There really wasn't anything unusual about my dad growing up, he was just superman. He knew the best games, could fix anything and wasn't afraid of anything. He knew every airplane, gun and tank. I wore camo, but he was actually an army man. He was simply the smartest, the fastest and of course, the strongest. I couldn't understand why other kids insisted their dad could beat up my dad and this inevitably led to finding out which son could beat up the other! When I was younger I wanted to be a pilot or a business man (or MacGyver if those careers didn't pan out) but what I really wanted to be was like my dad. It is little wonder that at the most terrifying moment of my childhood I found myself falling back into his arm.
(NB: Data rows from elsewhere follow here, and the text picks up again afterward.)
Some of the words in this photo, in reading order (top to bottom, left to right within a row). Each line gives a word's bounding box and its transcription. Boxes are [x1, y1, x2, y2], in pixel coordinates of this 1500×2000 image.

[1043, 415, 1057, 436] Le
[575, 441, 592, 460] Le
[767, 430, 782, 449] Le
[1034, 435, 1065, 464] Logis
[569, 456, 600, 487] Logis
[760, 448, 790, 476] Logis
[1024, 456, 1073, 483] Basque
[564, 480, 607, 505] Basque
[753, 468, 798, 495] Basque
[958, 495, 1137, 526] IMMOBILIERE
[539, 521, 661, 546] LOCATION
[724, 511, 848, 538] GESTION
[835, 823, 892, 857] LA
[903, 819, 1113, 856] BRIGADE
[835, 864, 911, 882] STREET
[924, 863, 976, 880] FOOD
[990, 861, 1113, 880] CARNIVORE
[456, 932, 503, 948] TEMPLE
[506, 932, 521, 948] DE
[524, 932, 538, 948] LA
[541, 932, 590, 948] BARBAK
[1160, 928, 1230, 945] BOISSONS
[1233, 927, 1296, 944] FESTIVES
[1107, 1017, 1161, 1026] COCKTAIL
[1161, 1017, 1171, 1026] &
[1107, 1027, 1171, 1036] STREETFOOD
Most guys probably think the same about their dads, so this isn't much of a surprise. What I never expected is that I would want so much to be like my sons. I know that parental pride blinds me, but I've never seen such good little boys.
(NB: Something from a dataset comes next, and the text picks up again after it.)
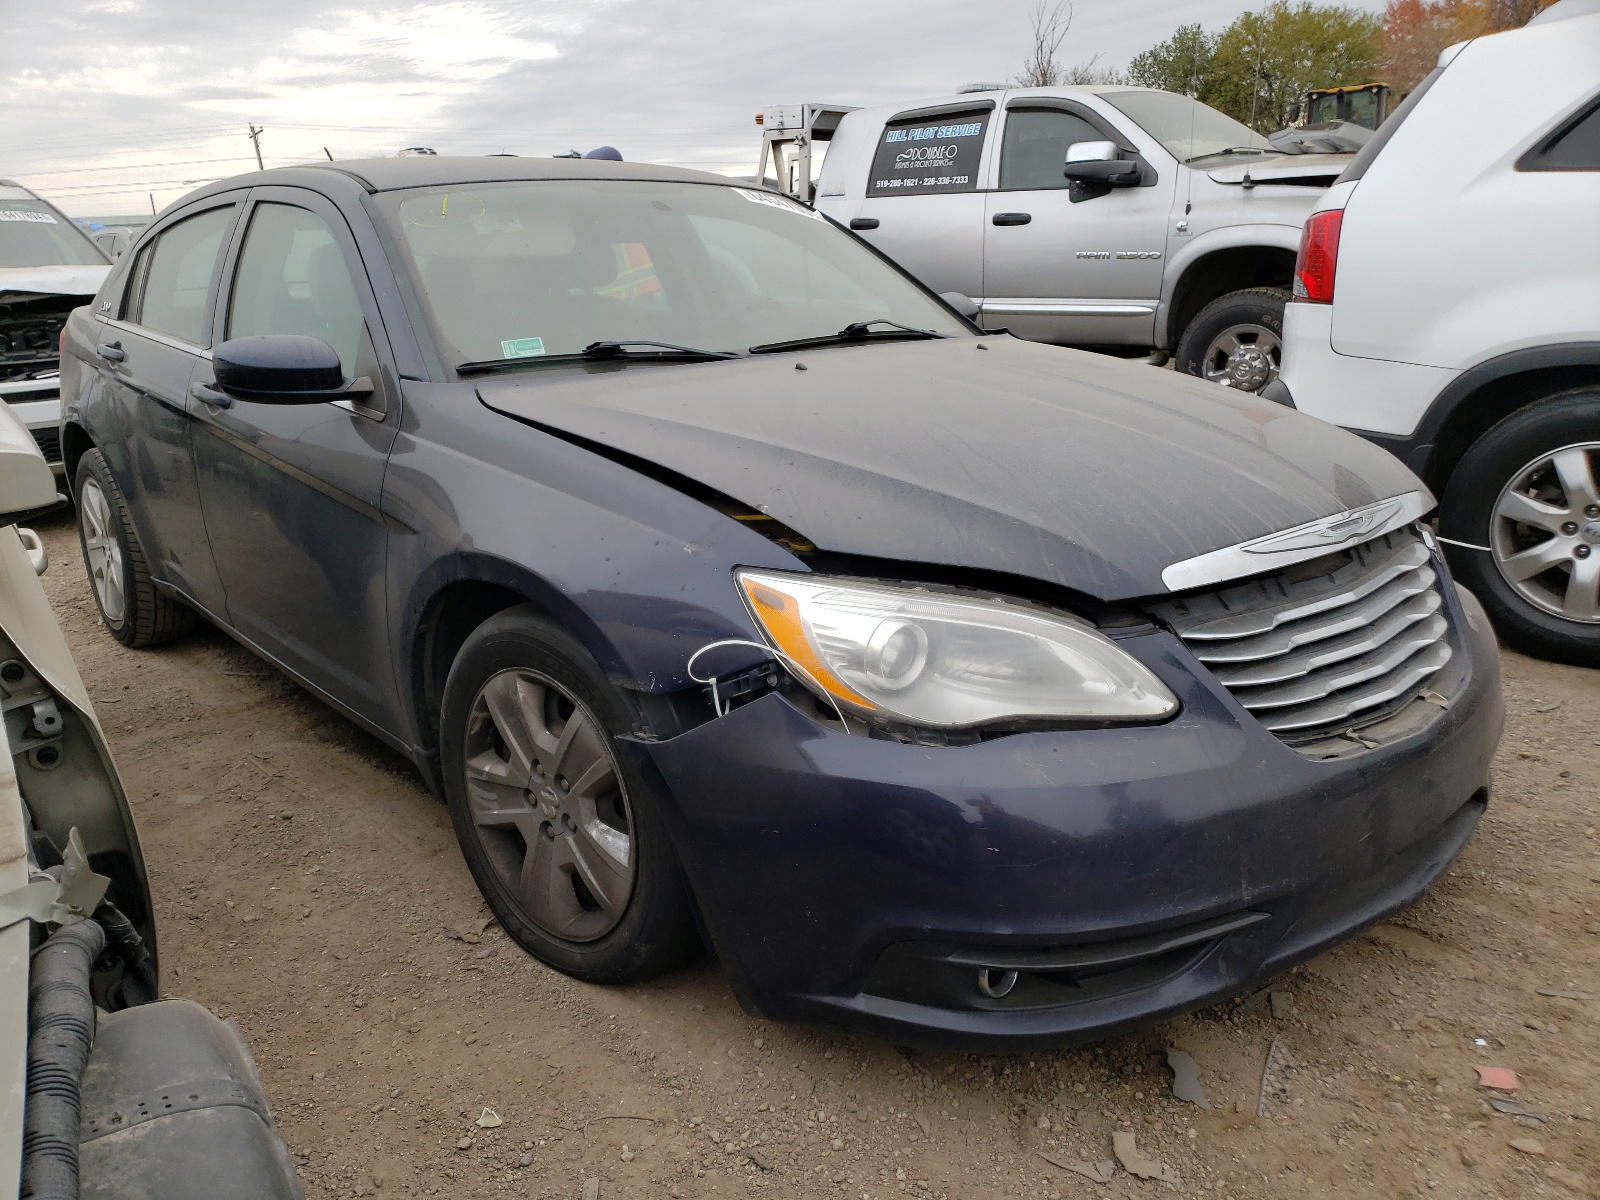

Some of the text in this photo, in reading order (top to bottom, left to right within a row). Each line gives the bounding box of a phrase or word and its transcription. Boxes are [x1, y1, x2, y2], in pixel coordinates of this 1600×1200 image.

[886, 123, 982, 142] HILL PILOT SERVICE
[1076, 251, 1161, 260] RAM 2500
Itai is amazing. He's been learning to walk the last few months. He finally worked up the courage to let go of the couch and venture out on his own. Every day he wakes up and eventually stands with his back against the couch until suddenly he's off. He takes one step, then another until he gets where he is going or until he collapses. He's still working at it, but he's really making strides. (Sorry about the pun, its the Rona influence.) I have seen Itai make so many attempts that ended with him on his face or twisted badly as he tried to catch himself only to end up sprawled in some unnatural position on the floor. Despite all this, he never gives up. How inspiring! I know, its a small thing, one that almost every child goes through, but I really admire that persistent little guy. I think of all the times I have tried to accomplish something, only to fail. I wonder how many times I have given up when if I had just put my back to the couch one more time I could have succeeded. I never thought that I would wish to be more like a one year old, but here I am thinking just that.
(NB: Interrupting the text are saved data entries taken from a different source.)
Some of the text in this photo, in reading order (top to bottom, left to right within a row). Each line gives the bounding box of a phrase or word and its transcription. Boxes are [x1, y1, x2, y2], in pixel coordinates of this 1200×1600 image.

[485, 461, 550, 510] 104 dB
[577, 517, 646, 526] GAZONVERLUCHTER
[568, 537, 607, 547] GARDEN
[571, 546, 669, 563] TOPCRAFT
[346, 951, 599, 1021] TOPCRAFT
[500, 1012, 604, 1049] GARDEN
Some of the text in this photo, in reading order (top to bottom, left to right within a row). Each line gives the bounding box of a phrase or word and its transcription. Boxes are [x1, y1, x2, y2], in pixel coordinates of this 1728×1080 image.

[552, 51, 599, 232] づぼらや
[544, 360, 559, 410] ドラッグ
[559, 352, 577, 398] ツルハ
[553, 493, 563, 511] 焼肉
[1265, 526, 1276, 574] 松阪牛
Avi is incredible. First off, I bragged about his potty training success on Facebook and was asked if I should really be posting that. I was surprised. Was that really the limit to the scope of his imagination? I felt I was showing considerable restraint by not taking out ads in the NY Times, USA Today and the SL Tribune. I didn't even put it on one of those gigantic banners that they fly behind planes or scream it from the rooftops. Not put it on Facebook? At least I didn't tattoo it! So. . .back to the subject. Despite some truly prodigious challenges Avi almost always maintains that devilishly handsome smile. I love his exclamations, "I did it!" after he uses his potty, or "Its beautiful!" after turning a blank sheet of paper into a flash of colors in lines, dots and circles. His calm nature is innate, but I wish it was something he could teach me. I have no idea how many times I have grumbled through a trial or covered the path of a tribulation with complaints. I imagine smiling through my troubles and looking to Heaven and saying, "I did it!" or even better "Its beautiful."
Life with these two really is.
Shortly after my grandpa passed away I wrote about him and how much I looked up to him. How I knew that I stood in a line of men who walked steadily and left big shoes to fill. I'm so pleased that my sons are like my grandpa and like my dad.